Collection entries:
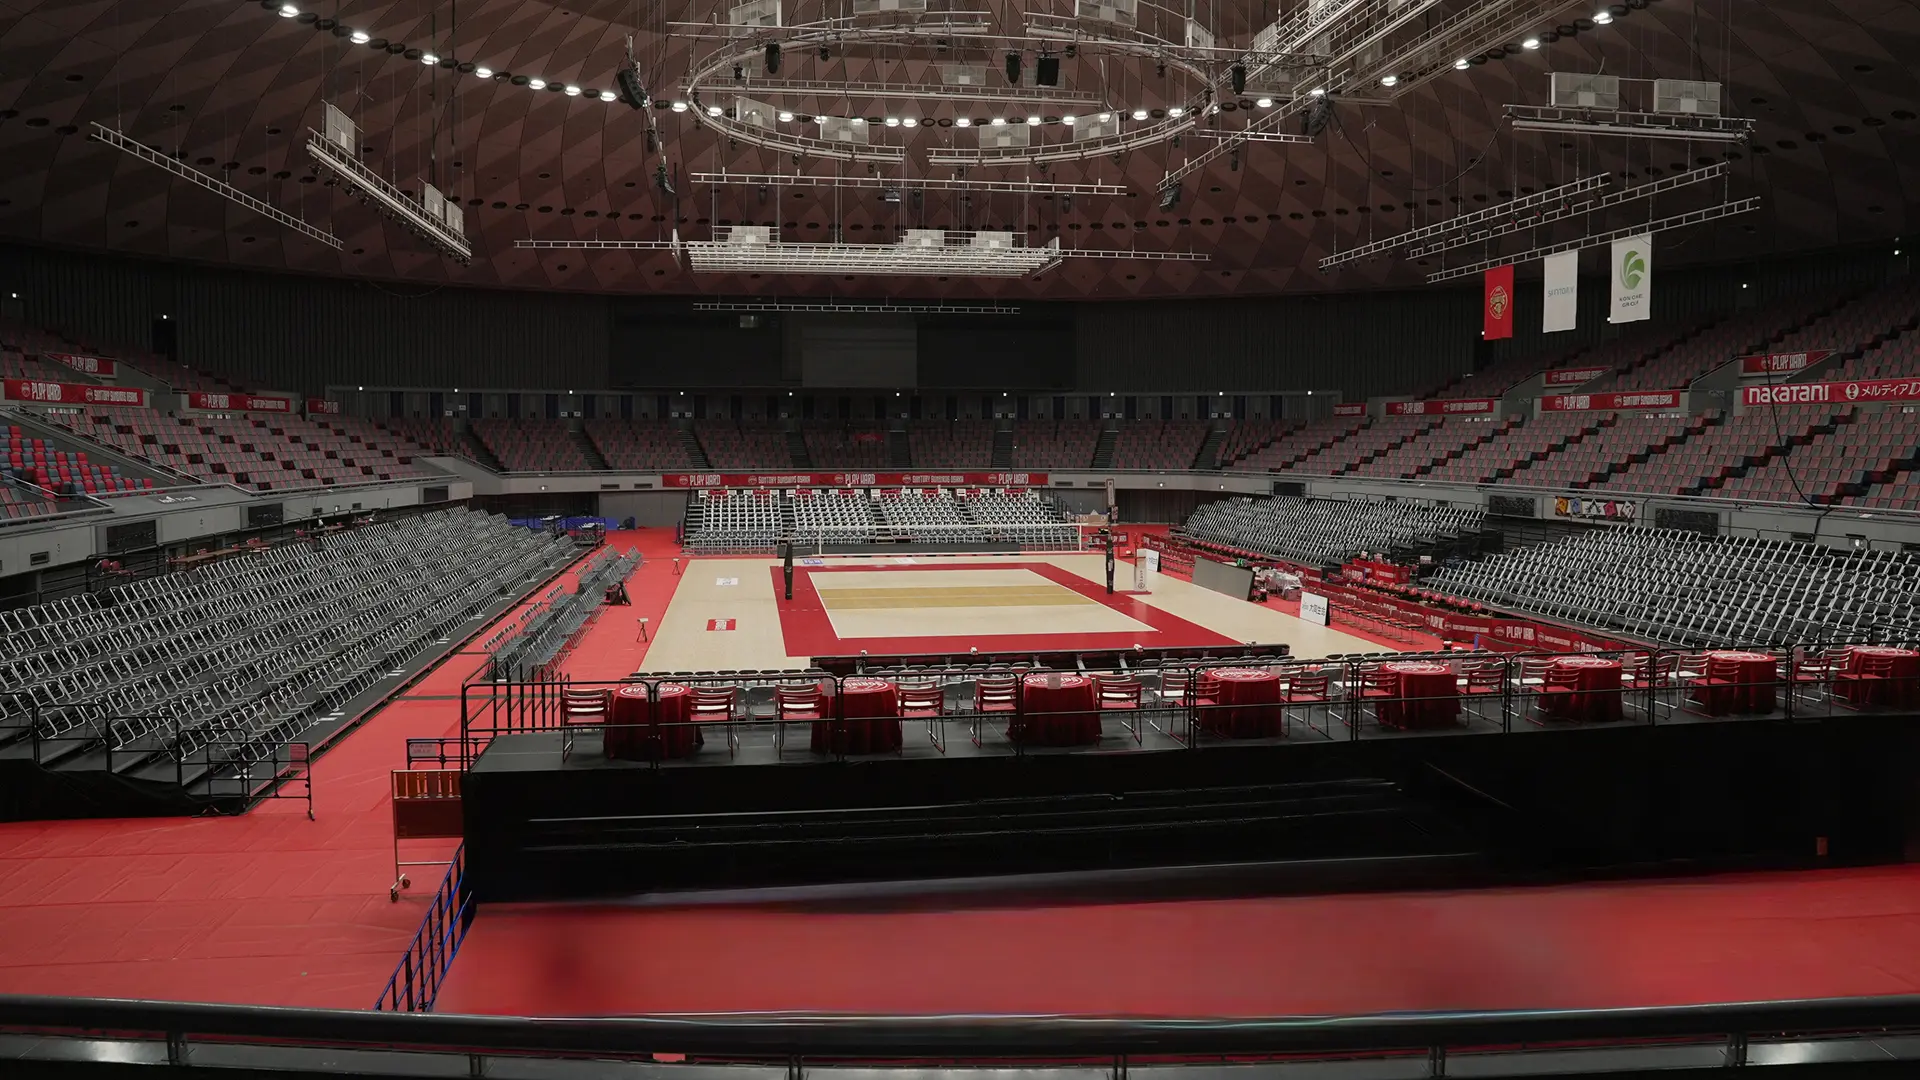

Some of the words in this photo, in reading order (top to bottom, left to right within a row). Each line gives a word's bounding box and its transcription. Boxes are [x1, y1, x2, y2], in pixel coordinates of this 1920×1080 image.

[1771, 354, 1789, 370] PLAY
[1563, 396, 1577, 410] PLAY
[689, 474, 705, 486] PLAY
[705, 474, 721, 486] HARD
[845, 473, 860, 485] PLAY
[860, 473, 876, 485] HARD
[998, 473, 1013, 485] PLAY
[1013, 473, 1029, 485] HARD
[1506, 626, 1523, 639] PLAY
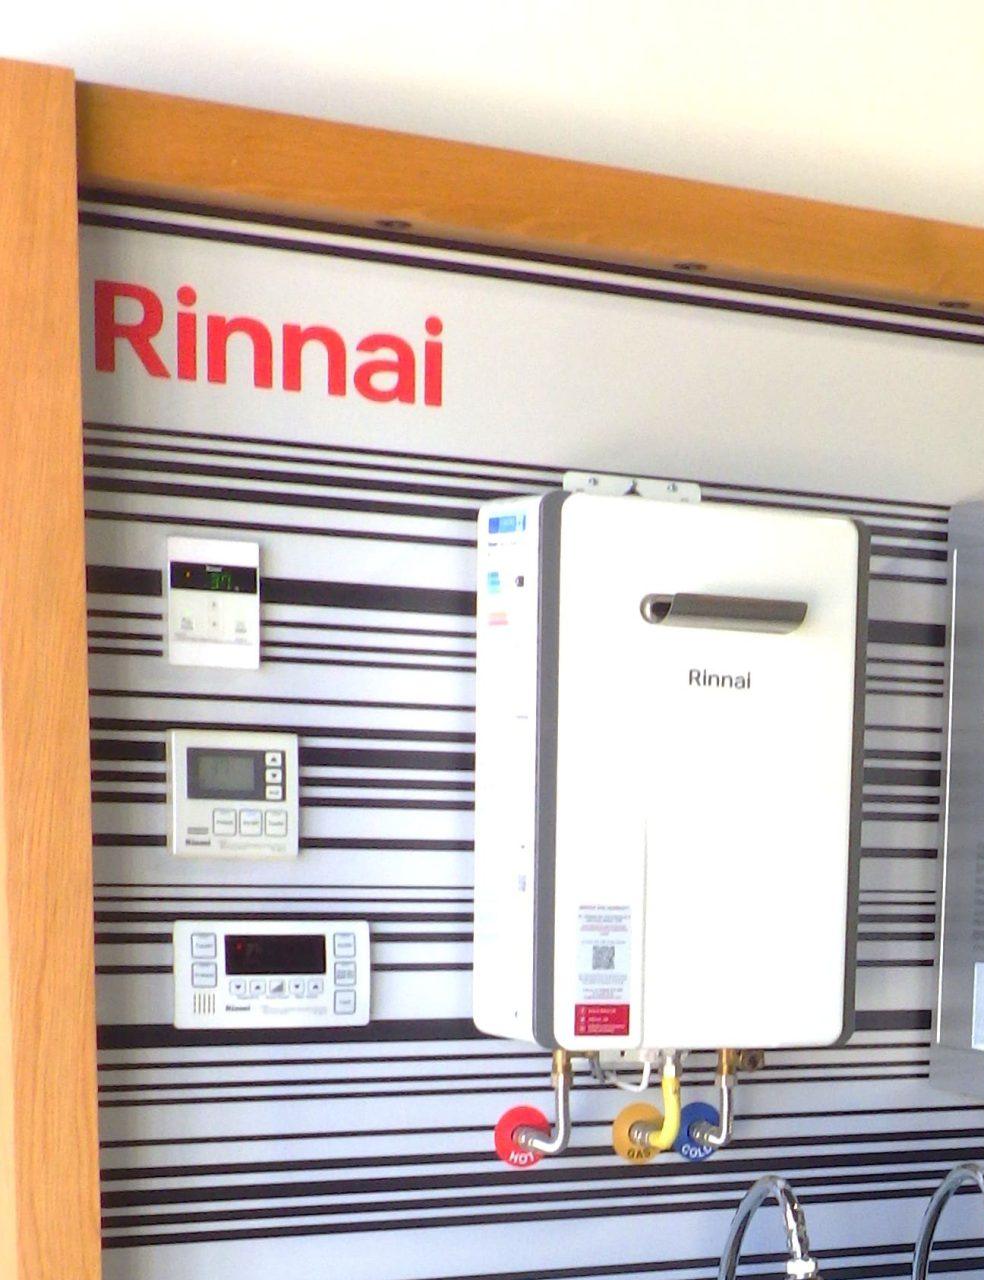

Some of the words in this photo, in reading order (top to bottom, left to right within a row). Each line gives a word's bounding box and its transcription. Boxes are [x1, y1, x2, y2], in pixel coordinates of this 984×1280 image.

[94, 280, 443, 406] Rinnai
[689, 668, 751, 689] Rinnai
[509, 1150, 535, 1165] HOT
[681, 1143, 713, 1159] COLD

Aim of the task:
No pictures go in the copy. Set down all the data exactly.

Solution to this task:
Some of the words in this photo, in reading order (top to bottom, left to right within a row). Each line gives a word's bounding box and its transcription. Boxes are [x1, y1, x2, y2], in pixel coordinates of this 1920×1080 image.

[1771, 354, 1789, 370] PLAY
[1563, 396, 1577, 410] PLAY
[689, 474, 705, 486] PLAY
[705, 474, 721, 486] HARD
[845, 473, 860, 485] PLAY
[860, 473, 876, 485] HARD
[998, 473, 1013, 485] PLAY
[1013, 473, 1029, 485] HARD
[1506, 626, 1523, 639] PLAY

Some of the words in this photo, in reading order (top to bottom, left to right within a row). Each line gives a word's bounding box and its transcription. Boxes are [x1, y1, x2, y2], in pixel coordinates of this 984×1280 image.

[94, 280, 443, 406] Rinnai
[689, 668, 751, 689] Rinnai
[509, 1150, 535, 1165] HOT
[681, 1143, 713, 1159] COLD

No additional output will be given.